What is being proposed?

  • US President Donald Trump has publicly called for a temporary nationwide cap of about 10% on credit card interest rates, arguing that current typical APRs above 20% are excessive and harm consumers.

  • This proposal would sharply cut the revenue that issuers earn from revolving balances, so it directly targets the most profitable part of the card business.

Why the industry is pushing back

  • Analysts note that a 10% cap is roughly half current average US credit card rates, which would “upend the basic economics of the industry” by reducing income available to cover credit losses, funding costs and rewards programmes.

  • Industry voices and sympathising commentators argue that tight caps would force issuers to cut credit limits, close higher‑risk accounts, and scale back rewards and perks, particularly hurting sub‑prime or marginal borrowers.

What “scrap caps” means in practice

  • “Scrap caps” in this context means removing or significantly loosening legal or regulatory ceilings on what card issuers can charge in interest or certain fees (like late fees), so prices are set mainly by risk and competition rather than regulation.

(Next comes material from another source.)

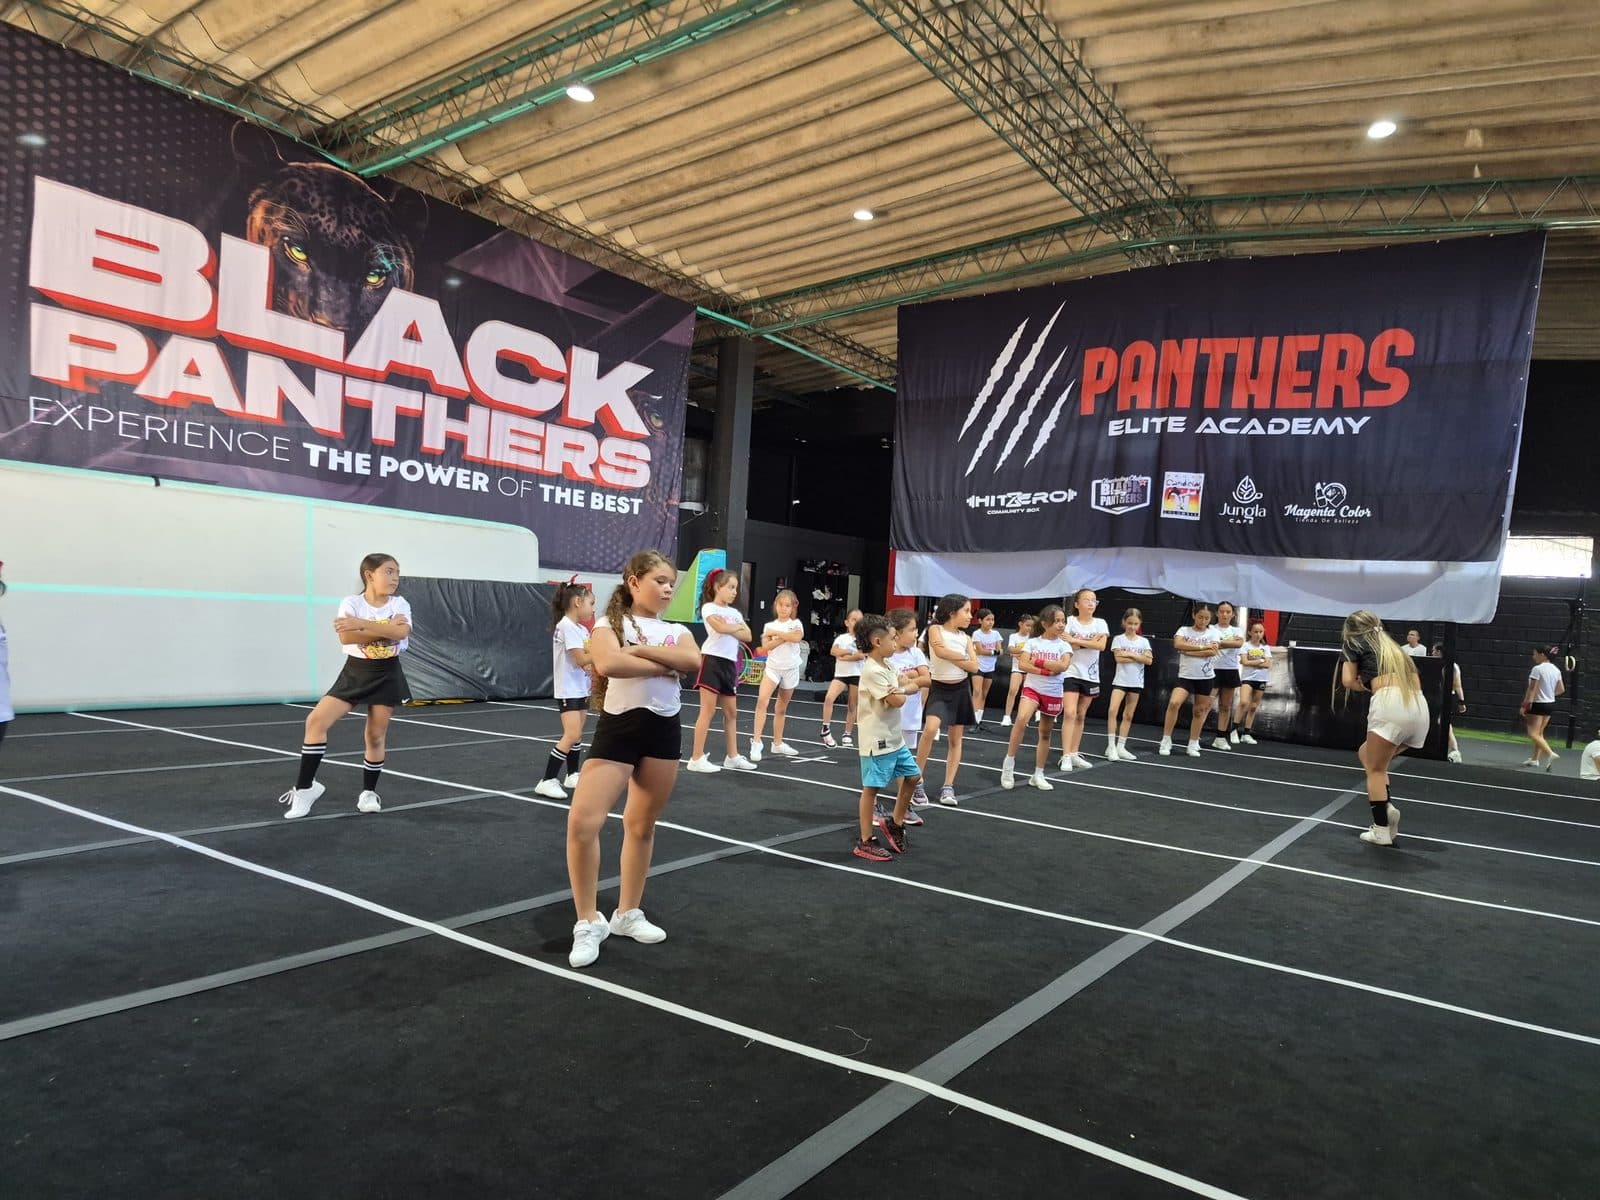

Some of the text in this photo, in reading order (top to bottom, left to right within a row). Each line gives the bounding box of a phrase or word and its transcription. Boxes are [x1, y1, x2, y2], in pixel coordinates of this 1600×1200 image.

  • The call also reflects broader opposition to related rules such as strict limits on late fees and interchange or processing fee caps, which networks and issuers say constrain pricing and investment.

Possible impacts if caps stay vs are scrapped

  • If caps stay or tighten, consumers who keep large revolving balances could benefit from lower interest costs, but may find it harder to get or keep higher‑limit or higher‑risk cards, and rewards schemes may weaken.

  • If caps are scrapped or watered down, card availability and rewards are more likely to remain generous, but borrowers could continue to face very high APRs on unpaid balances and stronger pressure from interest compounding.